11 Non-Fluffy Lessons Learned from Being in Business 11 Years

It’s spring! A time to rejuvenate, to seize the day, to wake up early and to tackle goals. A season that also caused me to pause and reflect—putting thought to paper—and express, I hope, some honest, refreshing lessons about running a business.

In my eleven years of owning a PR agency, I’ve read hundreds of company executive articles on business motivation, finding inspiration from their adages, such as “If Opportunity Doesn’t Knock, Build a Door” or “Failure is Not an Option.” Although I live by many of these, they don’t necessarily reflect some of the business lessons learned from the cold hard facts of operating and managing an organization.
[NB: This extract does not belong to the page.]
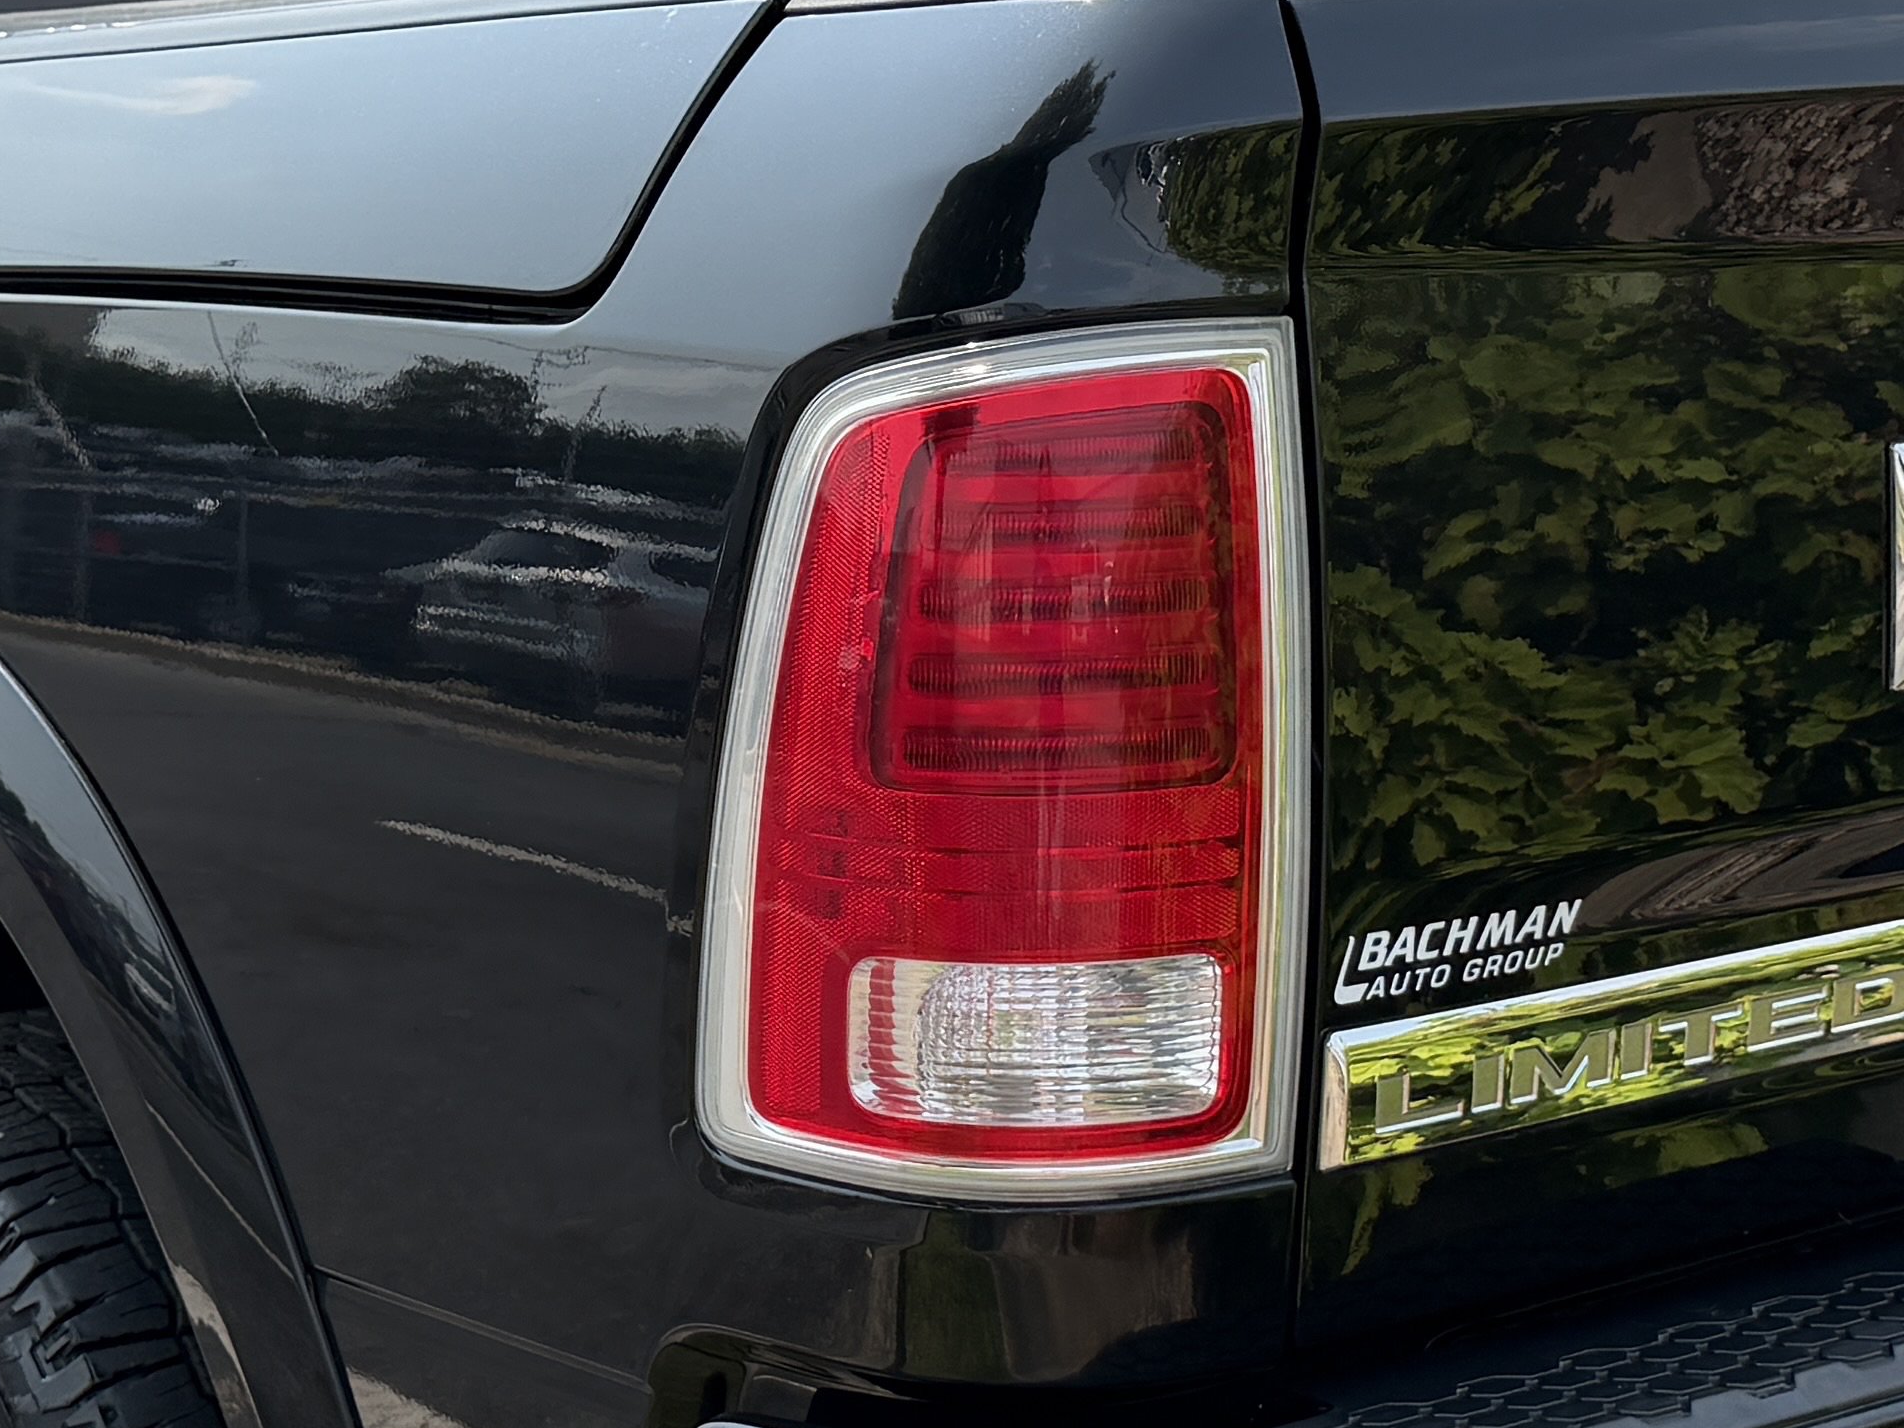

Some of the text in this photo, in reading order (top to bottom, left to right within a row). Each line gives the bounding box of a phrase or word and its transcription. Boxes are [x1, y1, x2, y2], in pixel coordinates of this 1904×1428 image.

[1358, 898, 1583, 970] BACHMAN
[1365, 942, 1565, 1001] AUTO GROUP
After more than a decade, I can tell you that the warm, fuzzy inspirational meme or pithy statement won’t inspire you enough when times are tough, decisions are hard and money is tight, which is why I put together eleven unapologetic lessons I’ve learned from being in business over the last 11 years. These insights keep me not only grounded but also profitable:

  • No One Cares About Your Business as Much as You – I am surrounded by supportive family, friends, and staff. However, none of them think about my company and the risks as much as I do. This is natural; they don’t have the same dedicated financial and time investment, commitments, and interests. However, I will sacrifice the most time and money to make my business succeed, regardless of the cheerleading along the way.
  • It’s Lonely Being a Sole Shareholder – While this is similar to my first point, a business owner (and/or its shareholder(s)) typically are the only ones truly privy to the cash flow, trends, peaks and valleys, and the only one(s) assuming all the risk. It’s difficult to bounce ideas off of others when there are limited true decision makers. (Although, this can have perks, too!)
  • Hustle When You’re Busy – Many businesses are cyclical and unpredictable. “Always Be Hustling” is a statement that rings true for me. When I’m slammed, I do try to network, for example, so that the “lulls” in business are few and far between.
  • Market Yourself – There are a handful of businesses where the clients, customers or leads just fall into place. For the rest of us, staying relevant and top of mind is constantly important. “No One Cares About Your Business as Much as You”; is as true as “No One is Always Looking to Throw Money Your Way.” You have to do the work.
  • You Have Competition – I’d like to think our agency is the best at what we do. However, there are a lot of fantastic agencies there, with great people, many claiming they can do what we can, even better. It’s important to know your competition and follow their activities.
  • Have Savings – Whether it’s a line of credit or personal savings, having money tucked away is a mandate. You will need it someday, and you never go broke by saving.
  • Don’t Lead By Democracy – I do like to ask others’ opinions. However, I’ve found that since others don’t have the same vantage point, it can be a slippery slope to make decisions by a popular vote. Taking others’ opinions into considerations is crucial, though.
  • Staff Will Quit – Even those who are happy at their jobs quit. They want to move out of the state or simply don’t have their heart in the profession. Plan on people quitting and move on.
  • Staff Listens, And Talk About You – I’ve always been surprised that even slight comments or actions are quickly picked up by others. I think it’s easy for business owners to forget their important title of role model.
  • Roll Up Your Sleeves – Whether it’s because the staff has quit, or because the job requires it, rolling up your sleeves comes with the territory, and I’m never too proud to be back in the batter’s box for big or small tasks.
  • Contracts Are Either Iron Clad or Garbage – Some people will find loopholes in contracts and find ways to take negative action against you, neglect payment or worse. Hire an attorney and have a flawless contract.